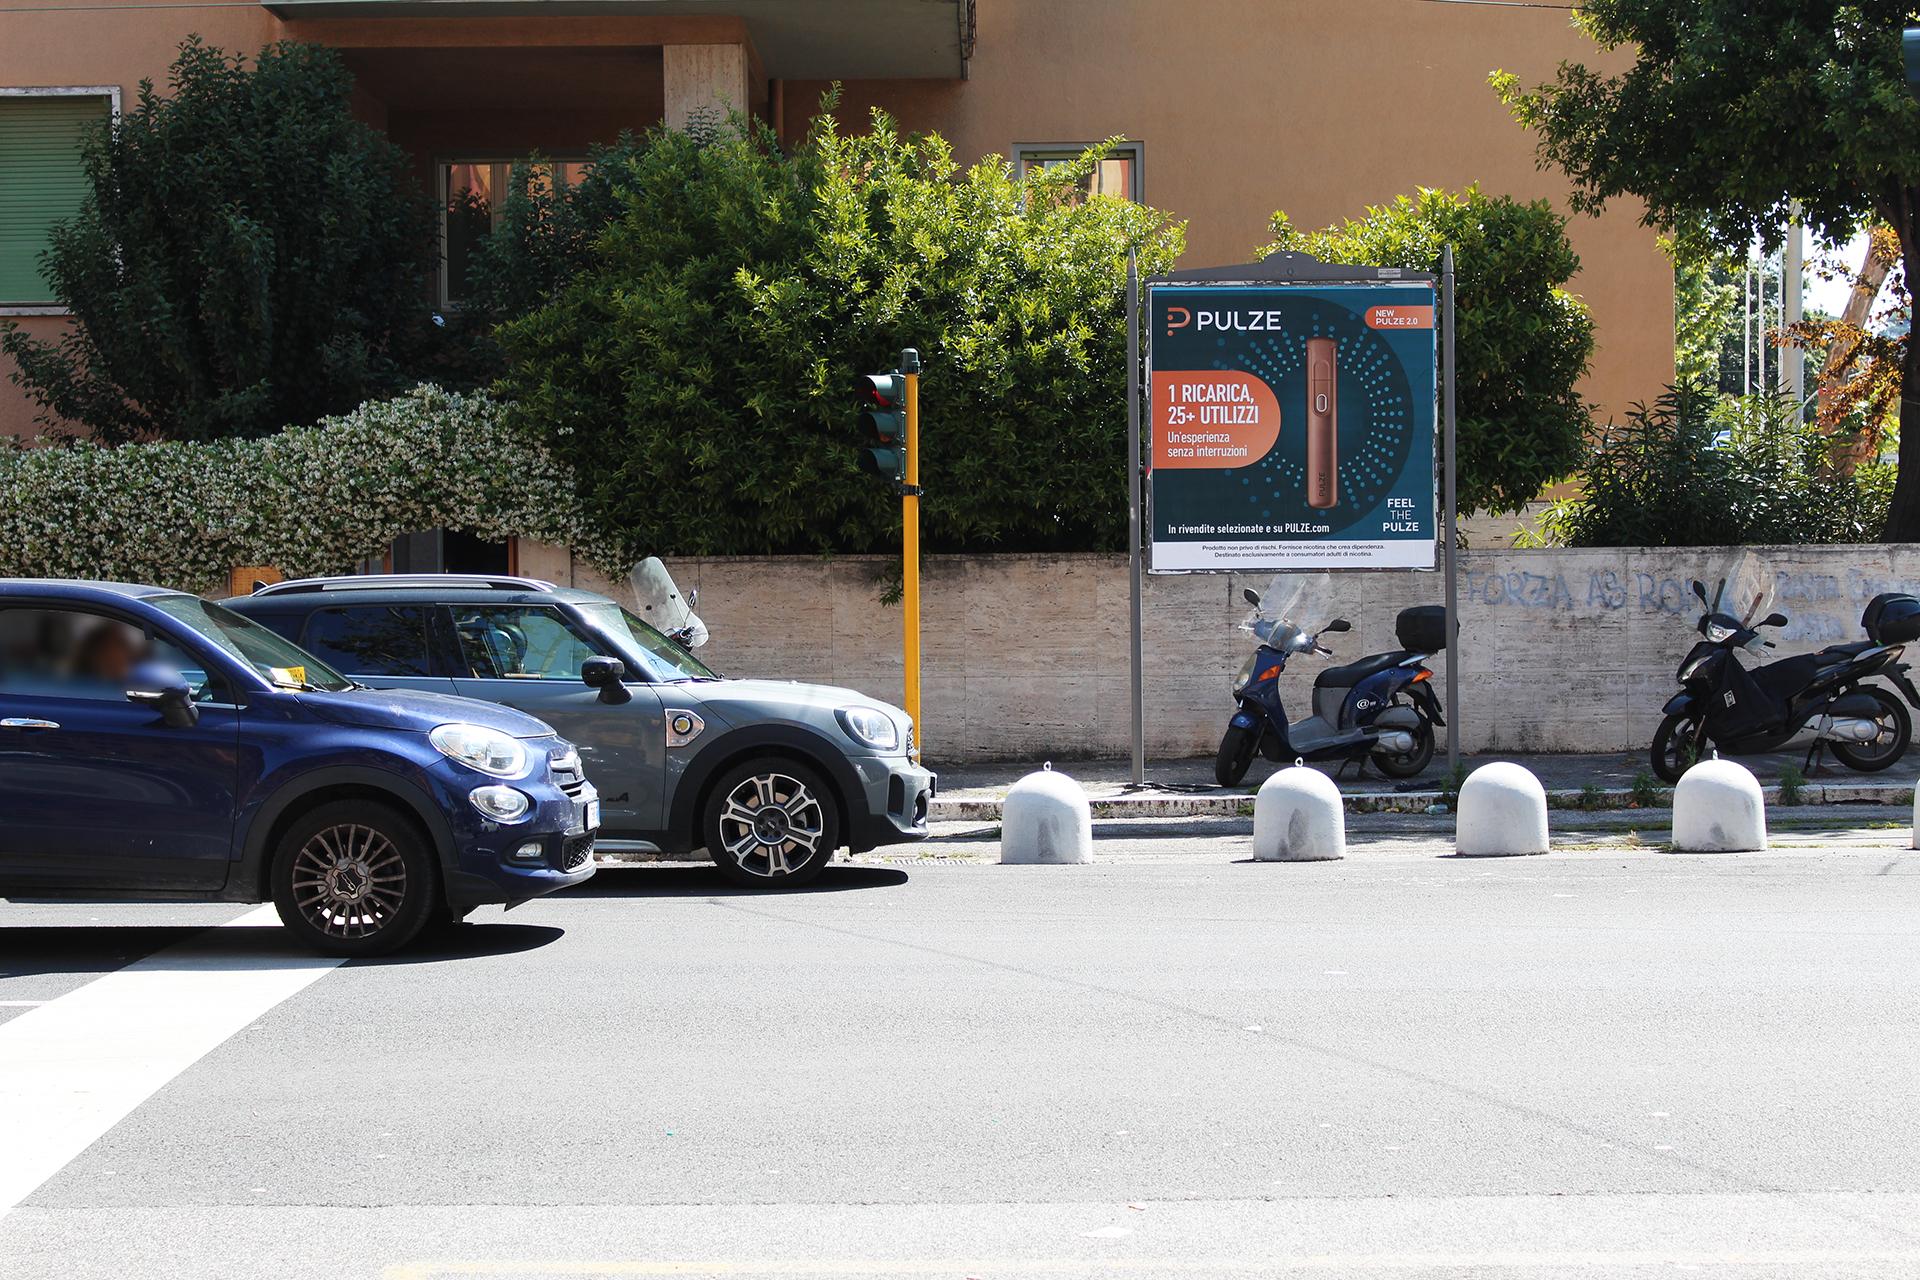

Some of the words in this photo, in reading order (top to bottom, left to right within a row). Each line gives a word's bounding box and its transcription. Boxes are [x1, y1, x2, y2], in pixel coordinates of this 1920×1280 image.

[1197, 311, 1281, 331] PULZE
[1168, 384, 1175, 403] 1
[1182, 384, 1254, 404] RICARICA,
[1168, 406, 1196, 425] 25+
[1200, 406, 1259, 424] UTILIZZI
[1167, 431, 1230, 446] Un'esperienza
[1167, 447, 1194, 458] senza
[1197, 445, 1248, 457] interruzioni
[1387, 498, 1415, 508] FEEL
[1390, 510, 1411, 520] THE
[1168, 524, 1176, 534] In
[1178, 524, 1215, 534] rivendite
[1217, 523, 1264, 534] selezionate
[1273, 525, 1283, 533] su
[1285, 523, 1330, 533] PULZE.com
[1382, 522, 1419, 532] PULZE
[1466, 570, 1574, 611] FORZA

_Aim of the exercise:_ Exact transcription of the full listing above is required; images do not belong in it.

_Solution for this task:_
Some of the words in this photo, in reading order (top to bottom, left to right within a row). Each line gives a word's bounding box and its transcription. Boxes are [x1, y1, x2, y2], in pixel coordinates of this 1920×1280 image.

[1197, 311, 1281, 331] PULZE
[1168, 384, 1175, 403] 1
[1182, 384, 1254, 404] RICARICA,
[1168, 406, 1196, 425] 25+
[1200, 406, 1259, 424] UTILIZZI
[1167, 431, 1230, 446] Un'esperienza
[1167, 447, 1194, 458] senza
[1197, 445, 1248, 457] interruzioni
[1387, 498, 1415, 508] FEEL
[1390, 510, 1411, 520] THE
[1168, 524, 1176, 534] In
[1178, 524, 1215, 534] rivendite
[1217, 523, 1264, 534] selezionate
[1273, 525, 1283, 533] su
[1285, 523, 1330, 533] PULZE.com
[1382, 522, 1419, 532] PULZE
[1466, 570, 1574, 611] FORZA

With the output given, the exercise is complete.